BEGIN Dataset excerpts

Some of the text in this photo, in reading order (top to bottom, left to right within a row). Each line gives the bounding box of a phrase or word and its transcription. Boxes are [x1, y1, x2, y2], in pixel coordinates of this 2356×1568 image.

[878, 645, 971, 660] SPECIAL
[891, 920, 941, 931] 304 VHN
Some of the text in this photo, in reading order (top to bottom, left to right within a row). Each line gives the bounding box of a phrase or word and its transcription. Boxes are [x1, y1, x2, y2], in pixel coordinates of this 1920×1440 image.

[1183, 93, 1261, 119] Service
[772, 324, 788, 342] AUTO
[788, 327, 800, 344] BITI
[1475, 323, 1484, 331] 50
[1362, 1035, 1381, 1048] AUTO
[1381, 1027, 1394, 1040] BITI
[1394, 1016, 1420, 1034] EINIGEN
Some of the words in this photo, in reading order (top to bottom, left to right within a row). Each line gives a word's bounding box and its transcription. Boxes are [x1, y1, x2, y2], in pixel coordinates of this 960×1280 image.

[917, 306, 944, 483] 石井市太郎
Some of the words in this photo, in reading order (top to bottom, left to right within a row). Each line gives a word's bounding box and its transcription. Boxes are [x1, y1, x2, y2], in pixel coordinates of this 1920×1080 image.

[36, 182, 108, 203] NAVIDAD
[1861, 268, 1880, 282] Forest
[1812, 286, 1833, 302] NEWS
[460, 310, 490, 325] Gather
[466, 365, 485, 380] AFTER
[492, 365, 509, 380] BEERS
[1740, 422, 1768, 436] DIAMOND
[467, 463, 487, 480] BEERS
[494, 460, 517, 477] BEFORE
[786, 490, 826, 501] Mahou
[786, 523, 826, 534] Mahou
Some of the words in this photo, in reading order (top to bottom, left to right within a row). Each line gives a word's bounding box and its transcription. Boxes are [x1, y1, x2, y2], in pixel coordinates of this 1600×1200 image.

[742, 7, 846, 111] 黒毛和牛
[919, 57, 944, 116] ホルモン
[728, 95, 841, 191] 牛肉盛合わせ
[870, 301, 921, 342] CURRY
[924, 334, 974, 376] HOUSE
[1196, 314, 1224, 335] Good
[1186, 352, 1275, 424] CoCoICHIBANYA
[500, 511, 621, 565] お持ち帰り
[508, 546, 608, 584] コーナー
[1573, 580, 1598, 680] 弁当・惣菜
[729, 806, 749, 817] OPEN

END Dataset excerpts

### Task brief
Please extract exactly, and only, the lines from the line containing "this 1600×1200 image." through the last line of the records.

### Answer space
Some of the words in this photo, in reading order (top to bottom, left to right within a row). Each line gives a word's bounding box and its transcription. Boxes are [x1, y1, x2, y2], in pixel coordinates of this 1600×1200 image.

[742, 7, 846, 111] 黒毛和牛
[919, 57, 944, 116] ホルモン
[728, 95, 841, 191] 牛肉盛合わせ
[870, 301, 921, 342] CURRY
[924, 334, 974, 376] HOUSE
[1196, 314, 1224, 335] Good
[1186, 352, 1275, 424] CoCoICHIBANYA
[500, 511, 621, 565] お持ち帰り
[508, 546, 608, 584] コーナー
[1573, 580, 1598, 680] 弁当・惣菜
[729, 806, 749, 817] OPEN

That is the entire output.